A Polícia Militar interrompeu as negociações com os presos durante a noite e deve recomeçar no início da manhã desta quarta-feira. O secretário estadual de Segurança Pública, Fernando Francischini, foi até o local acompanhar as negociações com os detentos.

Três agentes que também eram mantidos reféns foram liberados com ferimentos leves. Um conseguiu sair ainda na segunda-feira, primeiro dia do motim, e os outros dois foram liberados nessa terça pelos detentos.

A rebelião começou por volta das 15h de segunda-feira. De acordo com a Secretaria Estadual de Segurança Público (Sesp), os presos renderam os funcionários quando retornavam do banho de sol.
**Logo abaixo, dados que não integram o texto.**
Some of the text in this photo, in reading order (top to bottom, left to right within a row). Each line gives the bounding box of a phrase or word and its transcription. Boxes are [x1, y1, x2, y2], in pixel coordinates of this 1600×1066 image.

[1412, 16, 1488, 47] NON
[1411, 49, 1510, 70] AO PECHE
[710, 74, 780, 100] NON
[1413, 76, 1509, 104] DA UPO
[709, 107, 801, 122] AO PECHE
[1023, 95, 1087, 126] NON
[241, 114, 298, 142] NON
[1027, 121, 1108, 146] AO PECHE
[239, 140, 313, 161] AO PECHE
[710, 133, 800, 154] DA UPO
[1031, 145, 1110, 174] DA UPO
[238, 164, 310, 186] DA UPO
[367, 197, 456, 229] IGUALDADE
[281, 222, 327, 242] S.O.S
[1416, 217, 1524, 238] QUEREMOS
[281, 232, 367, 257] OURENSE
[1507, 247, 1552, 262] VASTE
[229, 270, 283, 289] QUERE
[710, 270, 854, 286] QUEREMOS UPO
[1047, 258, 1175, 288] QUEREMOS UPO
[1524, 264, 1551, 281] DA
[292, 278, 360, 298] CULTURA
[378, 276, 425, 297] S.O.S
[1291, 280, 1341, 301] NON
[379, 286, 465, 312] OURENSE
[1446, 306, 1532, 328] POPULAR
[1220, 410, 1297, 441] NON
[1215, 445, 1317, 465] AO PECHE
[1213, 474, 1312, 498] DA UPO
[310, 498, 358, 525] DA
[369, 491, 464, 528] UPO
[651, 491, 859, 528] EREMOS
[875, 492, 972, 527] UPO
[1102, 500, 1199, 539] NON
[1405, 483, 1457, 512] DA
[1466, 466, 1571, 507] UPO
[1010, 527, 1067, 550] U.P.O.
Eles pedem assistência médica, jurídica, melhor alimentação e não querem usar algemas nos momentos de transferência. 

O presídio tem capacidade para 654 presos e atualmente abriga 636.
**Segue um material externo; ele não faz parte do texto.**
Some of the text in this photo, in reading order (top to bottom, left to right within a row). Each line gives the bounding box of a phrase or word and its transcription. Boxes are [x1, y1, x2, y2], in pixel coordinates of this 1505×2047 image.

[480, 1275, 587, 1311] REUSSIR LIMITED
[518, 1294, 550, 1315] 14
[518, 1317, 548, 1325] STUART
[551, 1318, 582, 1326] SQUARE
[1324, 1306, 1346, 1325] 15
Esta é a 24ª rebelião em cadeias e presídios do Paraná em 2014. Segundo o sindicato, 52 agentes foram feitos reféns no ano. Os meses mais críticos foram setembro e outubro, durante o período eleitoral, quando houve o maior número de motins seguidos.

A crise do sistema penitenciário levou o governo do Paraná a publicar uma resolução, no dia 22 de outubro, que proíbe a negociação de transferências de presos durante as rebeliões. O documento foi criado no mesmo dia em que agentes penitenciários protestaram contra as condições de trabalho dentro das unidades prisionais.